Strobes also have a modeling light, which is useful for working the direction the light is facing, focus, etc. By their very nature they are bigger and bulkier (sitting on light stands or dollys) and require power or larger bulky power packs. They are also much more expensive than a speedlight.

Two light strobe setup

So which way did I go?

Even with each type, there are so many options, but after some investigation and talking to other photographers I actually did a little of both. I was lucky and picked up some bargains during the sales at a really good price. In the end, Godox was my brand of choice, as it has had so many great reviews.

I opted for the Godox AD400Pro (B&H | Amazon) over the AD600 as my studio is quite small. There was also a price consideration, as I bought two units. It’s just the way I like to set up my studio lights — one with a large Octobox and one with a beauty dish (as seen above).

I still had a nagging thought in the back of my mind about using my old Nikon Speedlight, so with the sales I also opted for the Godox AD200Pro (B&H | Amazon). I could then be confident that everything would communicate and be similar in the setups.
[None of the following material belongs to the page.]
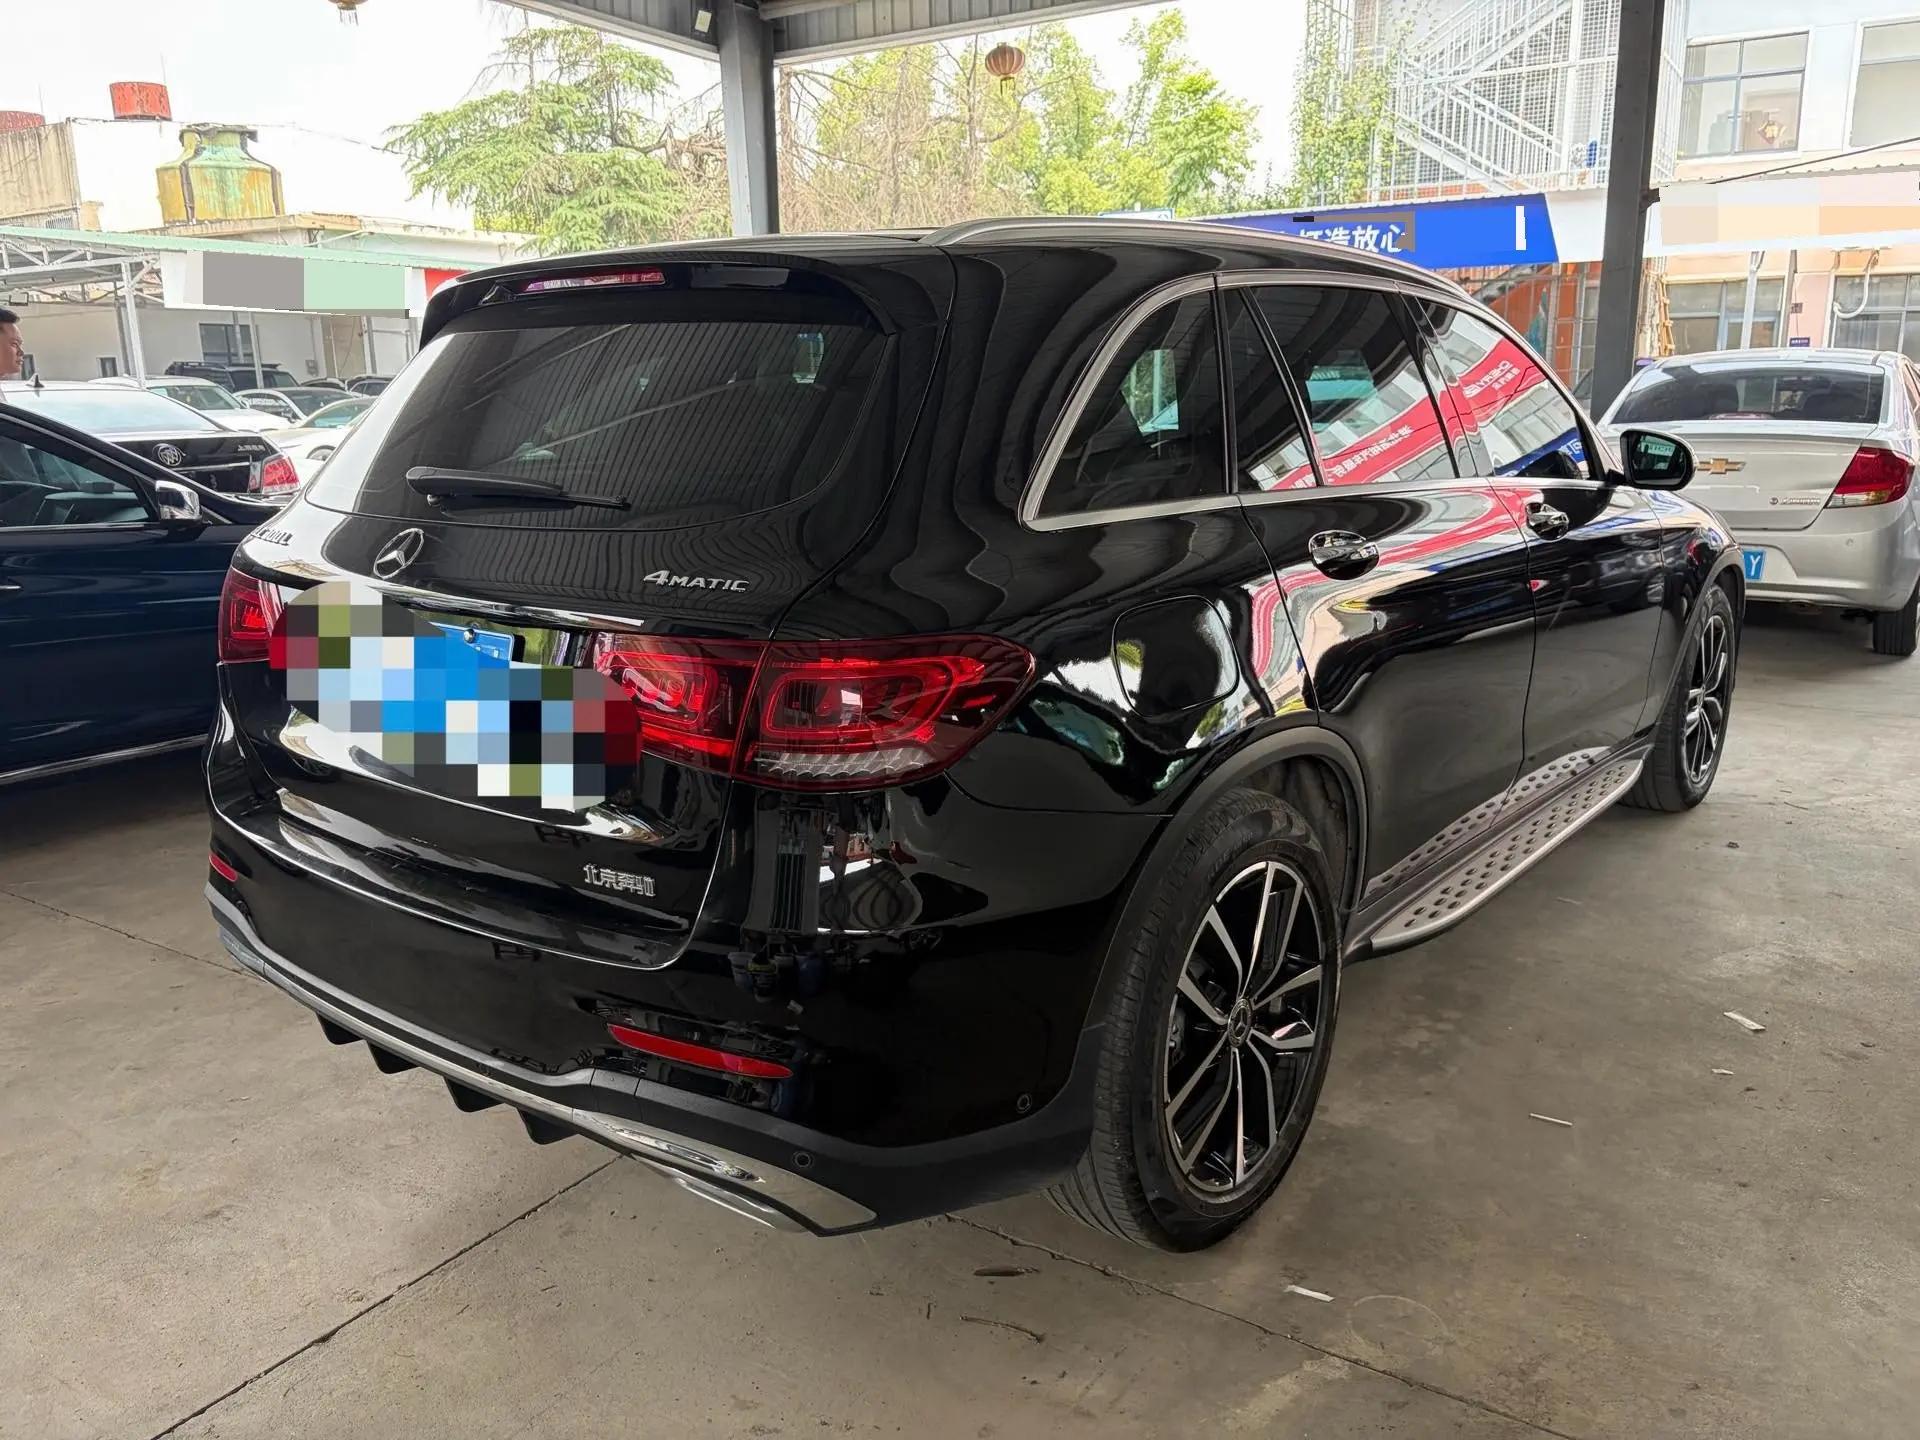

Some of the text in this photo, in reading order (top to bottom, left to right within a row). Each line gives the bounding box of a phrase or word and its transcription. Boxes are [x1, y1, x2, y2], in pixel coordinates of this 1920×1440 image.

[643, 569, 750, 593] 4MATIC
[583, 864, 656, 897] 北京奔驰
All had High Speed Sync, and the AD200 also came with a traditional flash head or a bare bulb flash head. This made it the perfect companion for my strobes.
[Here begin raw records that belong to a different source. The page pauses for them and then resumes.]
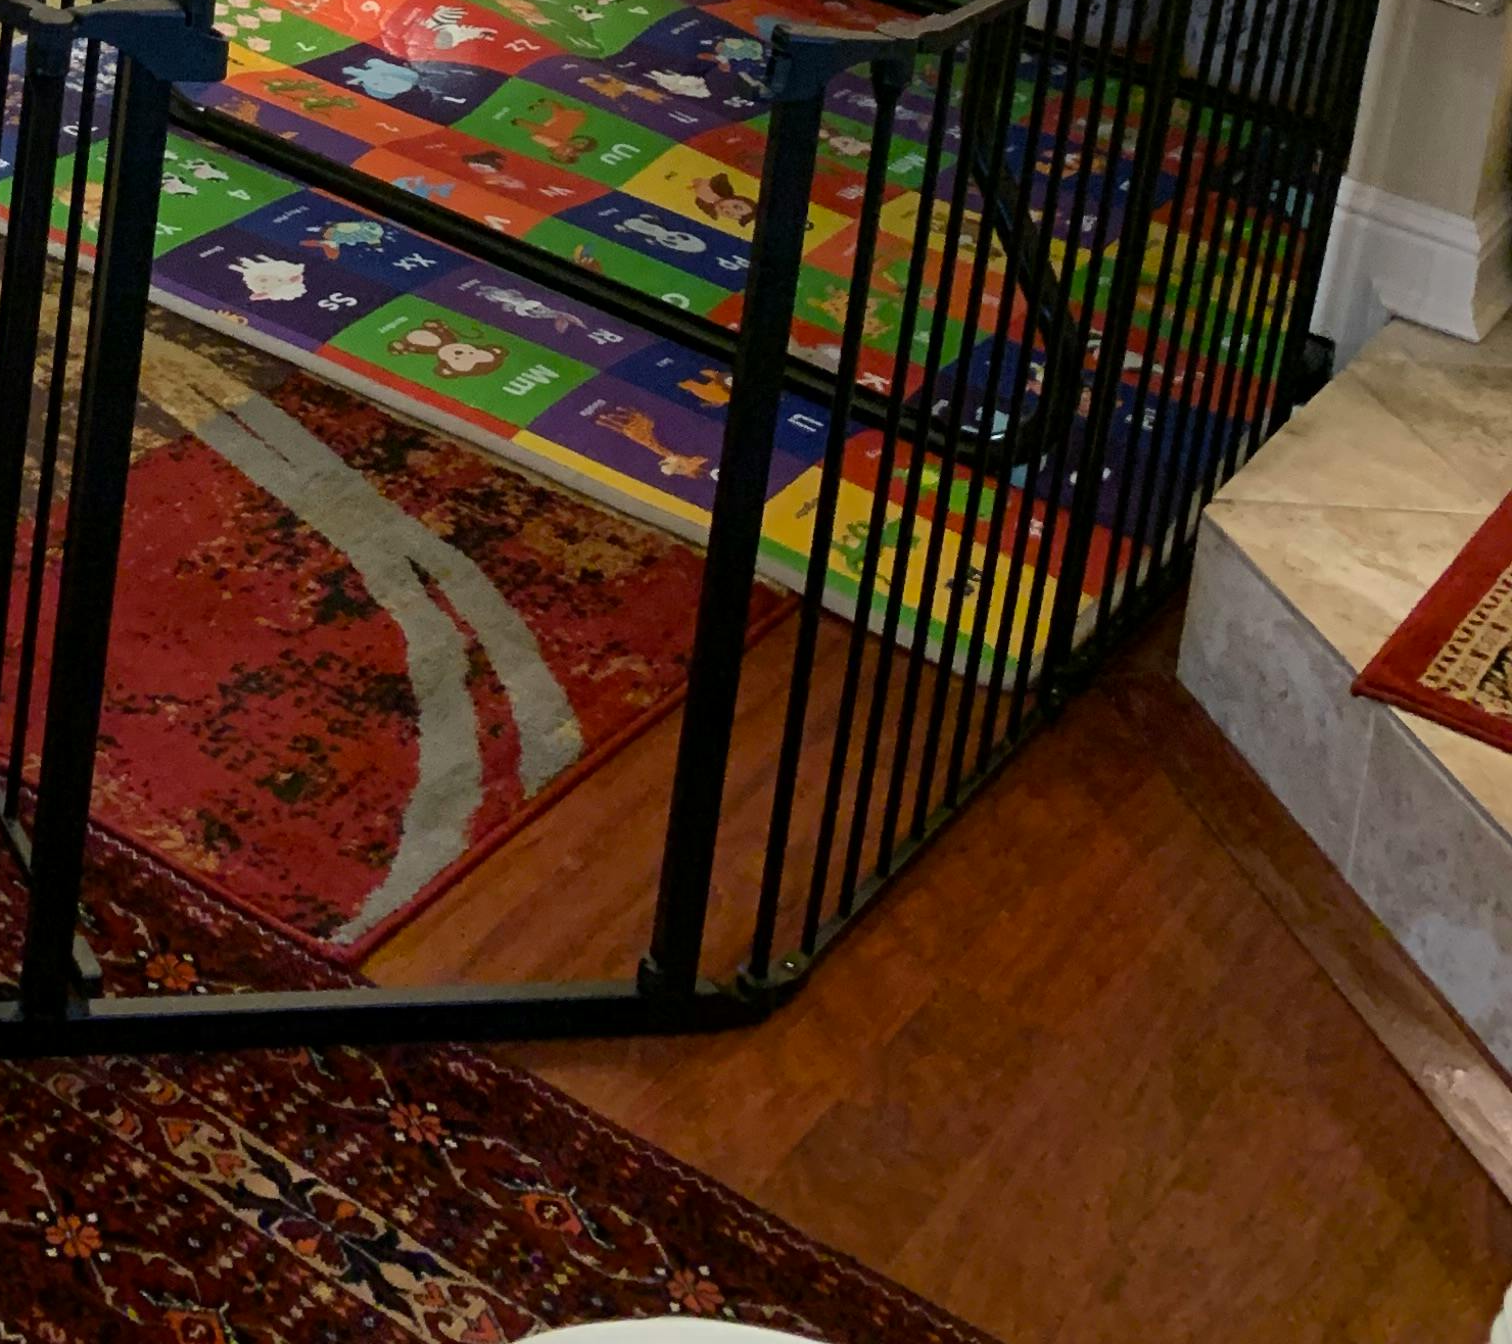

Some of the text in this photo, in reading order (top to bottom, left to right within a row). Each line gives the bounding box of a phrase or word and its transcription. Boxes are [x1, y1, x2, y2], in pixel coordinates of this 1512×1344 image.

[599, 142, 640, 166] Uu
[392, 251, 436, 271] Xx
[317, 292, 358, 312] Ss
[587, 328, 625, 346] Rr
[502, 363, 560, 397] Mm
I can also pack the speedlight up and use it on location as it is lightweight and compact, but also quite powerful.

So I guess I can say I got the best of both worlds. But if your budget doesn’t quite go that far, decide if you want purely studio or on-location lights. How many do you require? Could you start out with just one? Do you want something small and compact, or do you need more power in a larger studio situation?

Consider what your subject matter is. Product photography would possibly be more suited to a speedlight (or two), but portraits in a studio is better suited to strobes. If you shoot portraits outdoors in natural light, then a portable speedlight might be quite serviceable as well, just as a bit of a kicker.

Always buy the best you can afford, but always do your research first. Buy the lights that best suits your needs and budget, that way you can eliminate any buyers remorse.